Address their concerns
Encouraging employees to use direct deposit by making it easy for them is one way to increase the number of workers who willingly participate. For example, the TWC suggests offering to establish no-cost bank accounts for employees who can demonstrate financial need.
Another way to help employees feel comfortable being paid by direct deposit is to let them know that you’ve set up a system of protections. The TWC recommends having backup methods ready to go in case of a problem. It may ease workers’ concerns to know that if any payment-processing issues arise, they will immediately be paid in an alternate way, like by check or cash.
Even with reassurances, some employees may still be unwilling to provide their bank account information to their employer. In that case, the TWC recommends offering to pay employees with debit cards.

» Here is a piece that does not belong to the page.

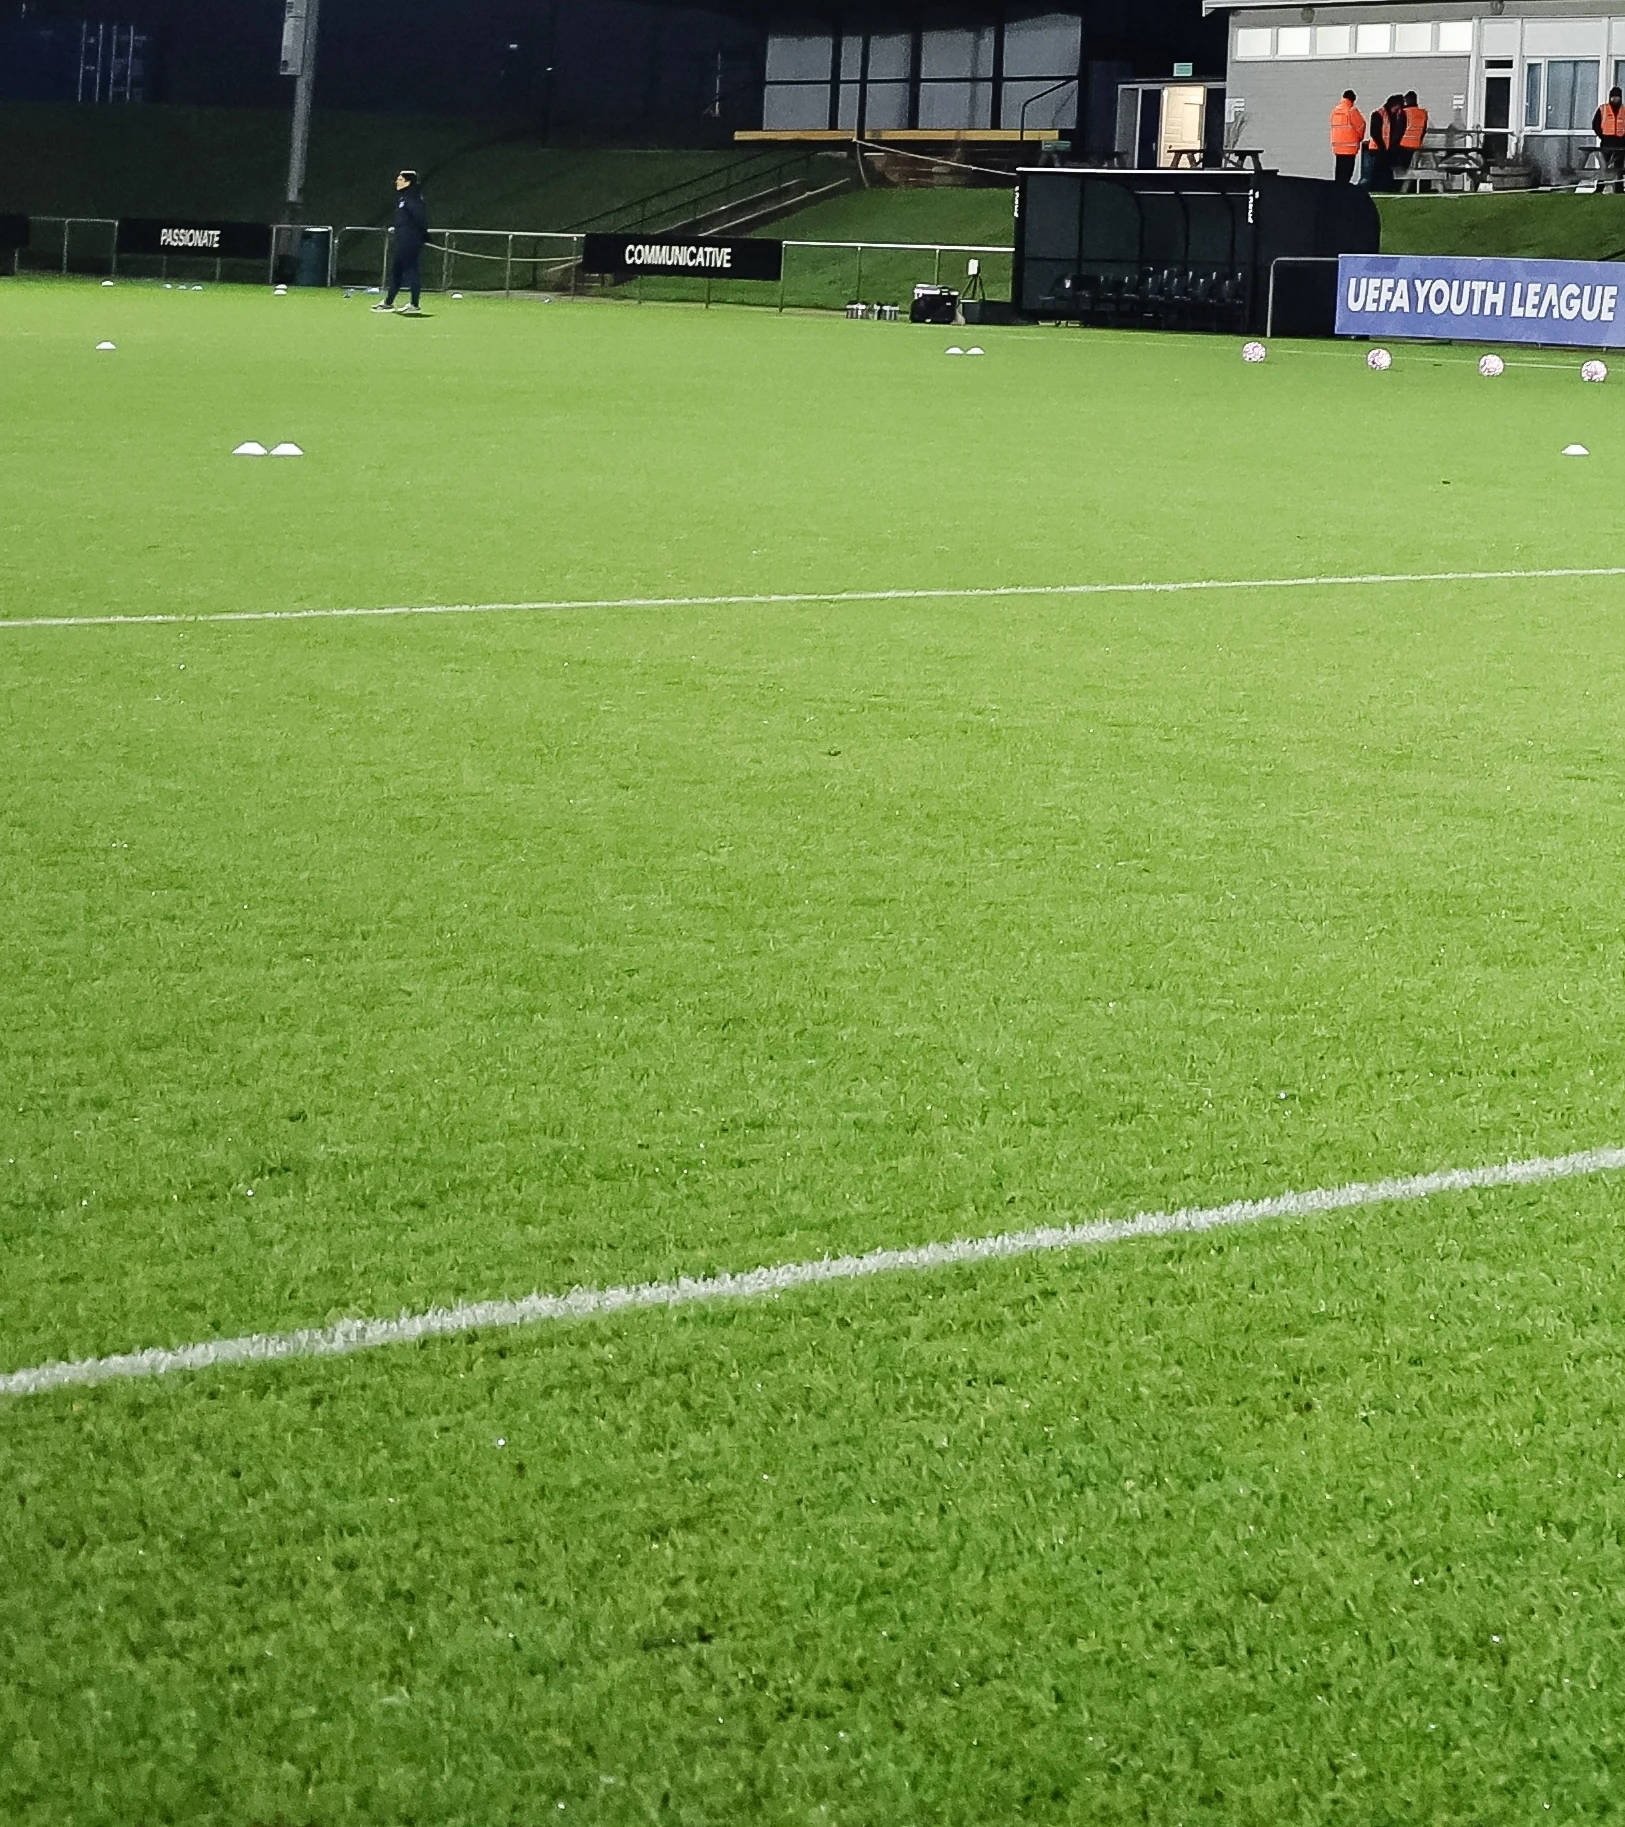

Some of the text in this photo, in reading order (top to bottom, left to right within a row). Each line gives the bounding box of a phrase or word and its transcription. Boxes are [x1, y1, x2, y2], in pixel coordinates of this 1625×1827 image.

[160, 228, 221, 248] PASSIONATE
[624, 244, 732, 268] COMMUNICATIVE
[1348, 277, 1619, 322] UEFA YOUTH LEAGUE

An employee would have to agree in writing prior to receiving his pay via debit card, but much like direct deposit, a debit card offers cost savings to the employer and convenience to the employee—but without requiring the employee to disclose his banking information.
Get it started
If you do decide to implement direct deposit at your workplace, it’s important to keep the following Texas Payday Law requirements in mind:
- You must give employees at least 60 days’ advance written notice that you have adopted a direct deposit wage payment system.
- You must obtain from employees who opt to participate whatever information their banks require to commence direct deposits.